All those things are true. Yet they ring hollow after the horror – for once, the word does not seem overblown – of what happened at the Eaton Centre on Saturday evening.

It was ordinary weekend scene at the food court of the city's most famous mall. Families with small children lining up for burgers or Chinese food. Couples chatting at tables. Women with strollers.

And then, out of the blue, "pop, pop, pop." An angry man with a gun. Screams. Tears. Blood on the floor. A man killed People running in terror or cowering under tables. Trampled bodies. A pregnant woman injured and a 13-year-old boy and another man gravely hurt.

The mind struggles to grasp such an event. How could this have happened in the heart of our peaceful, successful, caring city? What kind of person lets loose a fusillade in a crowd of people?

Police Chief Bill Blair said that "the level of violence and wanton disregard for the lives and safety of fellow citizens is shocking to us and should be shocking to the people of Toronto." Mayor Rob Ford said simply that "it rips my heart out."

Who doesn't feel that way this morning? An event such as this brings us together in mutual sorrow. There is some comfort, at least, in the sense of solidarity that comes out of such a trauma.

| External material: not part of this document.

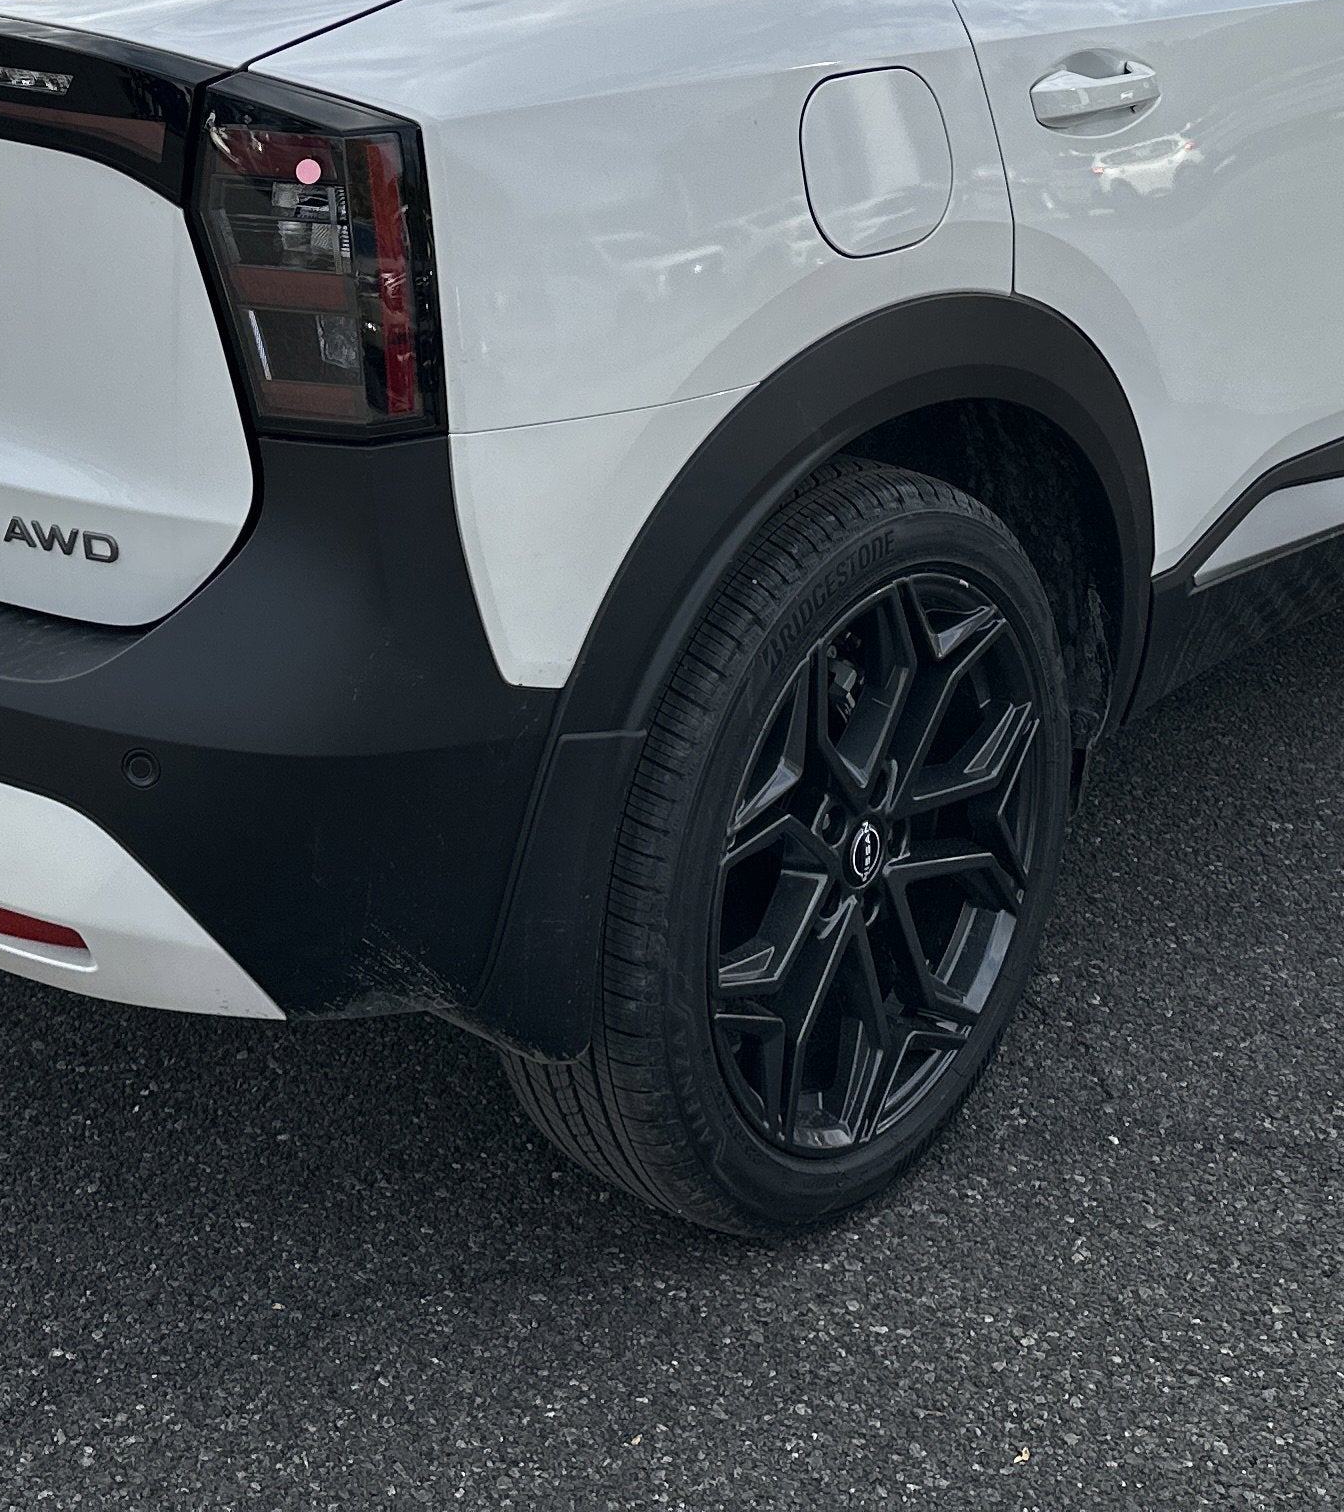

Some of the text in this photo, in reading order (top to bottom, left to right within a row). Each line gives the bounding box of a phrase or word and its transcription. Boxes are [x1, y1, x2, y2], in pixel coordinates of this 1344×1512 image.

[4, 516, 119, 563] AWD
[760, 530, 895, 675] BRIDGESTONE
[673, 1029, 713, 1143] ALENZA

But as the impact sinks in, it also makes us question our sense of the city as an essentially secure and orderly place. It was lost on no one that this shooting took place only steps from the site of another infamous crime: the killing of Jane Creba on Boxing Day 2005. "Today harkens back to that terrible moment," Chief Blair said. An innocent, wide-eyed 15-year-old, Jane was struck by a random bullet unleashed in a shootout between rival gangs in a busy place full of ordinary people.

If it turns out that this was something similar – a dispute between gang-members settled in public – then we will be forced to think again about the roots of gang and youth violence in Toronto. Though, yes, Toronto is in general an exceptionally safe city, it has been clear for some years that a tiny minority of the population mixed up with the drug trade and other crime is perpetrating much of the violence that breaks into the headlines.

It is a persistent sore that does not seem to heal, despite intense attention from police and the best efforts of social agencies.